How to Eat an Ice Cream Cone (As a Woman)

By: Dvora Walker, age 26

The other day it felt like spring- for real. The sun was shining, birds were chirping, and the gentle breeze felt just right. It was time for my first ice cream cone of the season. Here’s what I did.

Step 1: Purchase an ice cream cone at Burger King. Don’t judge me. Burger King has the best vanilla soft-serve, and we all know it.

Step 2: Look around the restaurant to see how many men are present. If there are a number of men present, it’s likely that one of them will sexually harass me as I’m eating my ice cream. Decide that I’m less likely to be harassed while walking outside with the cone.

Step 3: Walk down the street, licking my ice cream. Every time I pass a man, wonder if he’s about to harass me. Alternatively try to make eye contact and smile (don’t harass me, please, I’m a nice girl) and avoid eye contact and frown (don’t harass me, I’m angry and won’t stand for it).

Step 4: Finish my ice cream cone without enduring any sexual harassment. Feel grateful to the men I passed. Feel silly for thinking I would be harassed in the first place. Feel lucky- it’s been a good day.

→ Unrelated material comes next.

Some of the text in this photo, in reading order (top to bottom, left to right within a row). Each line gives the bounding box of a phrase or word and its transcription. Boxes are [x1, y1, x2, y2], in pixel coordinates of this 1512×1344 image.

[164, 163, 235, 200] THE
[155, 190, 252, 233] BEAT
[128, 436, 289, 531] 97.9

Some folks reading this might think I’m being ridiculous. I wasn’t sexually harassed! Why make a fuss about it? Because this is the type of thing I go through every day, as a woman. I don’t mean that I eat ice cream cones every day (although that does sound nice), but rather that I’m constantly making decisions in order to avoid gender-based harassment, sexual and otherwise. I’m so often on the defensive, ready with a scowl for the next guy who whistles at me or a laugh for the next guy who (jokingly! Always jokingly) puts down women.

What I want is to just exist. I want to eat an ice cream cone and think about how delicious it is. I want to walk into an empty parking lot late at night and casually saunter to my car, carefree. I want to succeed in the workforce without having to overcompensate for my gender.

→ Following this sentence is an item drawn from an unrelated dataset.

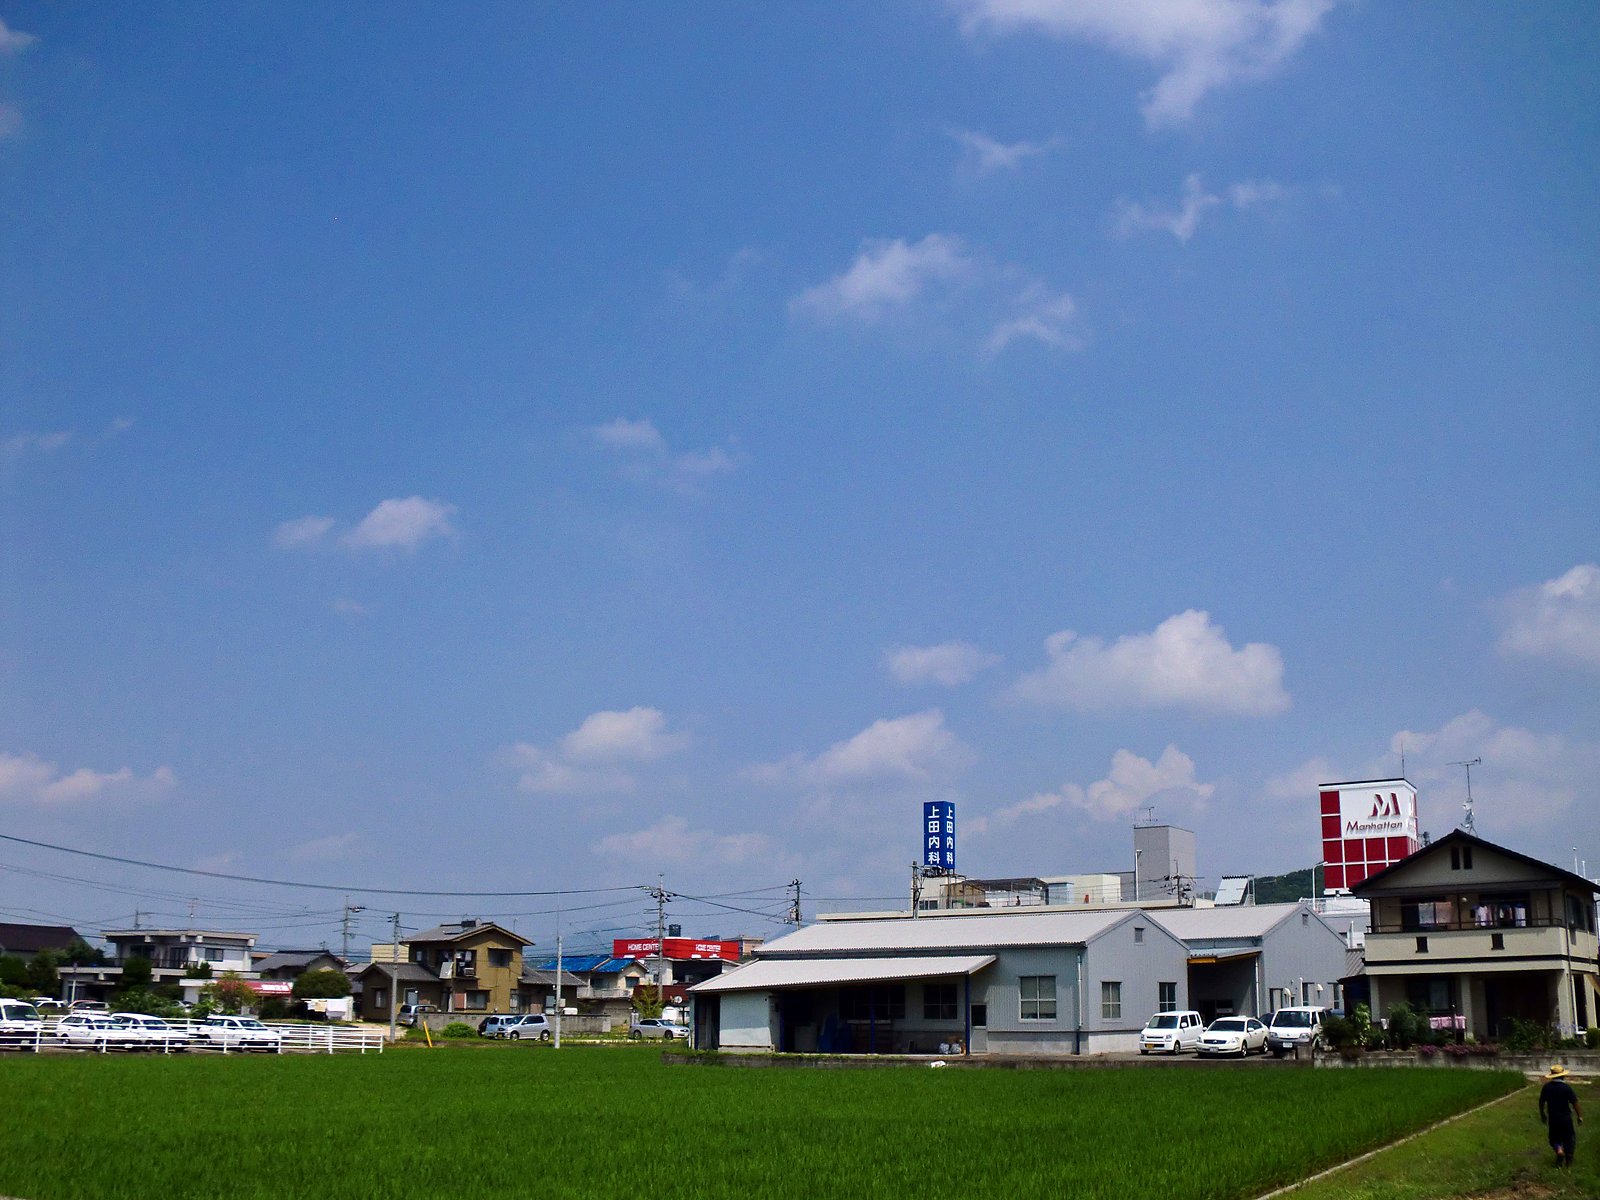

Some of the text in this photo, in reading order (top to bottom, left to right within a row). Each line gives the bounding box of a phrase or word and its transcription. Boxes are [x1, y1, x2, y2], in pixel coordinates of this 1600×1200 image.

[927, 805, 940, 865] 上田内科
[1346, 820, 1403, 831] Manhattan

But if I do have to regularly face gender-based harassment and dismissal, then I want to know that what I’m feeling is real. I hate that our society forces women to constantly second-guess their own experiences. I wasn’t silly for thinking that I would be harassed. I get harassed all the time. I definitely get harassed while eating ice cream, as do many women. This is what my experience as a woman is like- it’s not fair but it is valid.